The Armenian Thoros of Edessa sent envoys—the Armenian bishop of Edessa and twelve leading citizens—to Baldwin in early 1098, seeking his assistance against the nearby Seljuq rulers.[53][59][60] Being the first town to convert to Christianity, Edessa had played an important role in Christian history.[38] Before departing for Edessa, Baldwin ordered the arrest of Bagrat whom Fer had accused of secret correspondence with the Seljuqs.[57][61] Bagrat was tortured, but he managed to escape and fled to his brother, Kogh Vasil, the lord of Raban and Kaisun.[61] Baldwin left for Edessa in early February, but Balduk, the emir of Samosata,[61] prevented him from crossing the Euphrates.[59][62] His second attempt was successful and reached Edessa in mid-February.[62][63] Baldwin did not want to serve Thoros as a mercenary.[64][65] The Armenian townspeople persuaded Thoros to adopt him, because they had feared that otherwise he would leave the town.[66] Strengthened by troops from Edessa, Baldwin raided Balduk's territory and placed a garrison in a small fortress near Samosata.[67]

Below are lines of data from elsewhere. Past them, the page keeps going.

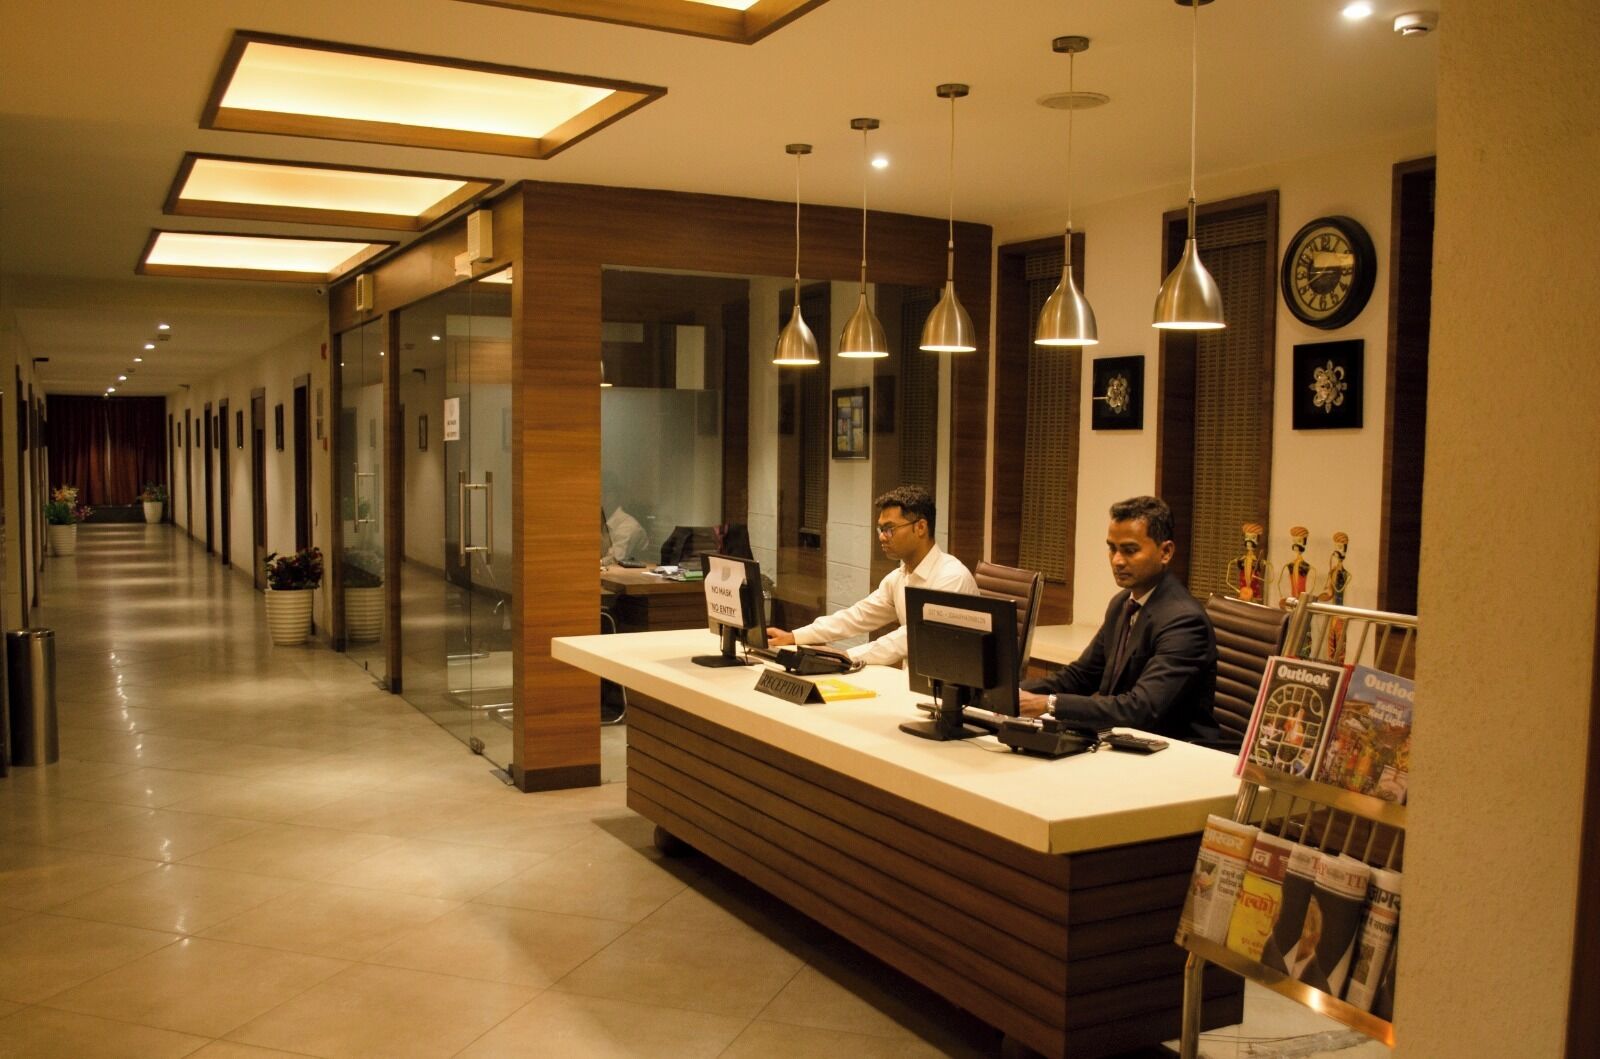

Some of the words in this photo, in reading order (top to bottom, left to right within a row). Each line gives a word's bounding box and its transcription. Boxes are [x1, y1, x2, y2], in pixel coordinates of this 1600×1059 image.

[711, 585, 719, 594] NO
[761, 674, 807, 698] RECEPTION
[1277, 664, 1331, 688] Outlook
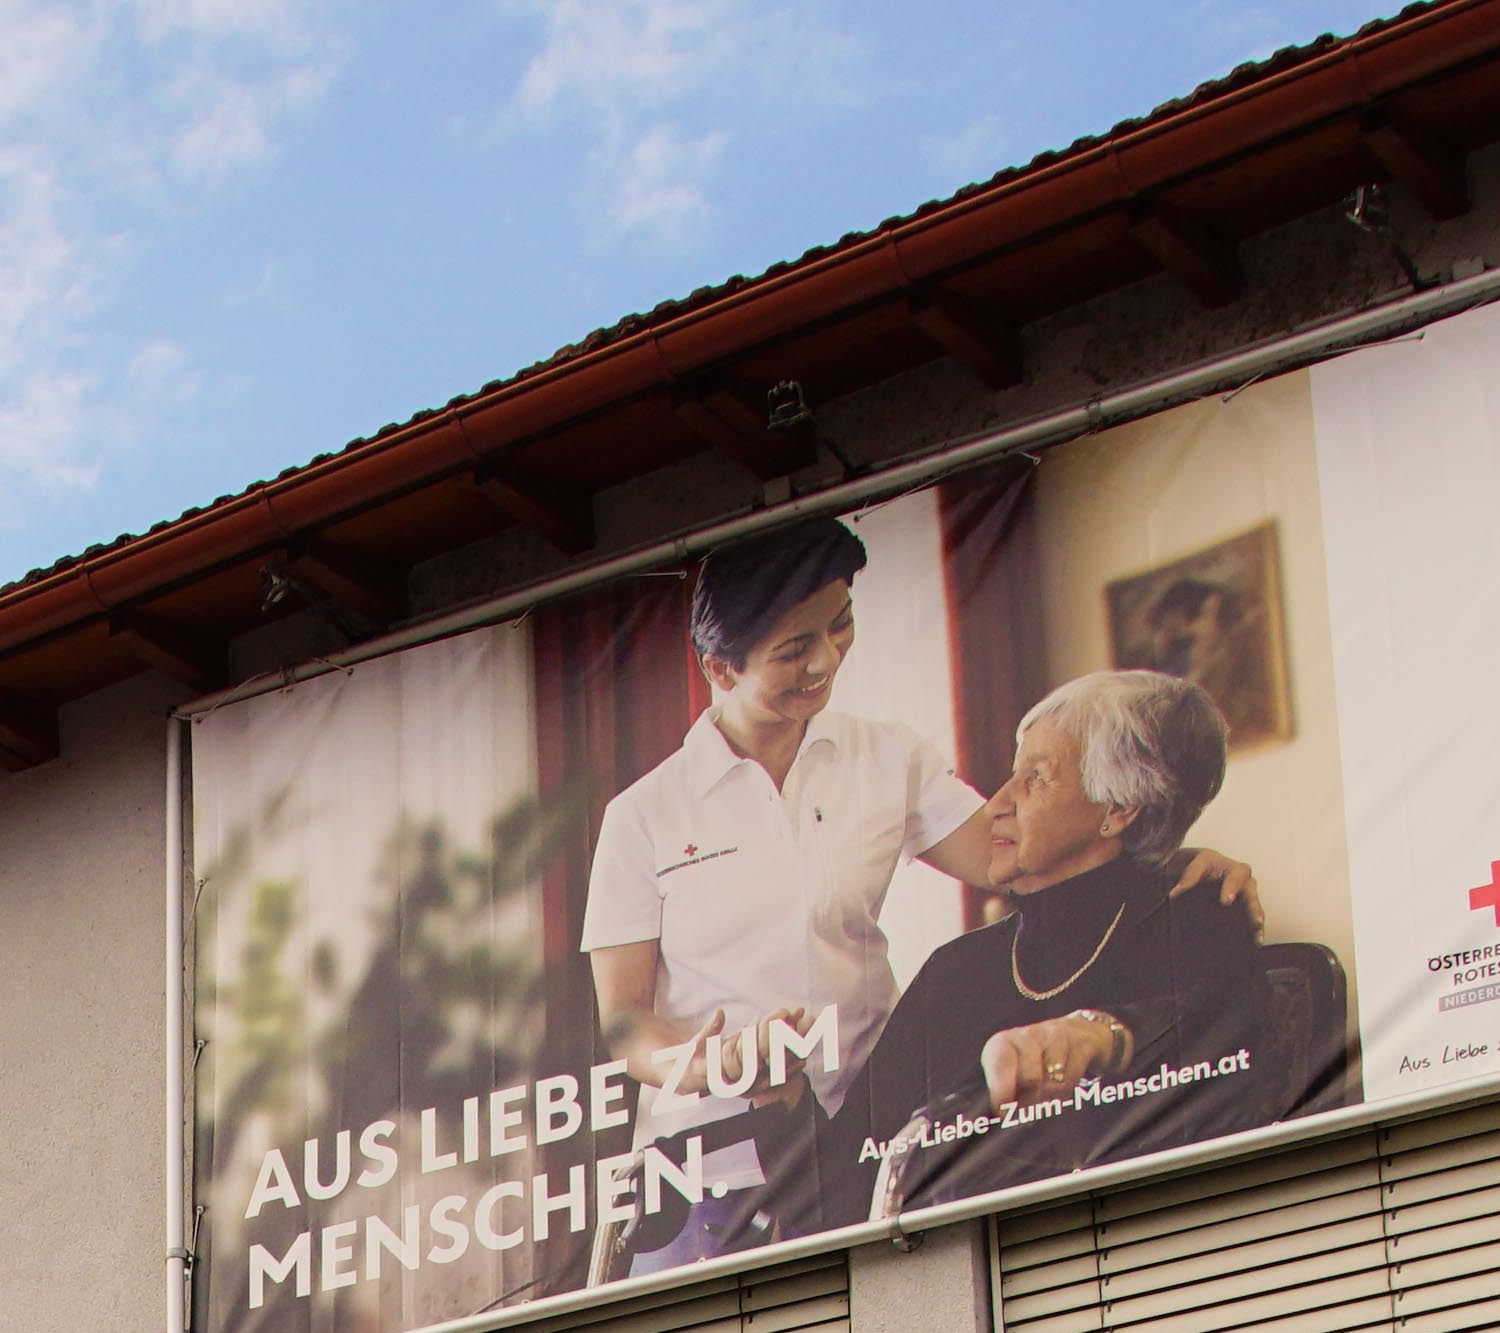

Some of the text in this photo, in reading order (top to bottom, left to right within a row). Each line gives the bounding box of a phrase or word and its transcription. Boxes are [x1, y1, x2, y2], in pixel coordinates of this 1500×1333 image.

[244, 1002, 840, 1219] AUS LIEBE ZUM
[857, 1047, 1251, 1164] Aus-Liebe-Zum-Menschen.at
[1398, 1055, 1432, 1075] Aus
[1442, 1043, 1489, 1065] Liebe
[248, 1134, 729, 1310] MENSCHEN.

In the view of the twelve governors' and all their fellow citizens' steadfastness and goodwill towards Baldwin, [Thoros of Edessa] had to grant their request whether he liked it or not, and he made Baldwin his own adopted son according to the custom of that region and people, binding him to his naked chest and clothing him once for all under the garment closest to his own flesh, with pledges given and received by both parties. With the father-and-son relationship thus confirmed on both sides, [Thoros] one day suggested to Baldwin, in his position as son, that he call his men together, all the army and those serving for pay, taking the citizens of Edessa likewise, and set out for the fortification at Samosata which was next to the Euphrates and conquer Balduk, prince of the Turks, who had unjustly seized that same citadel, which belonged to Edessa, and was holding it.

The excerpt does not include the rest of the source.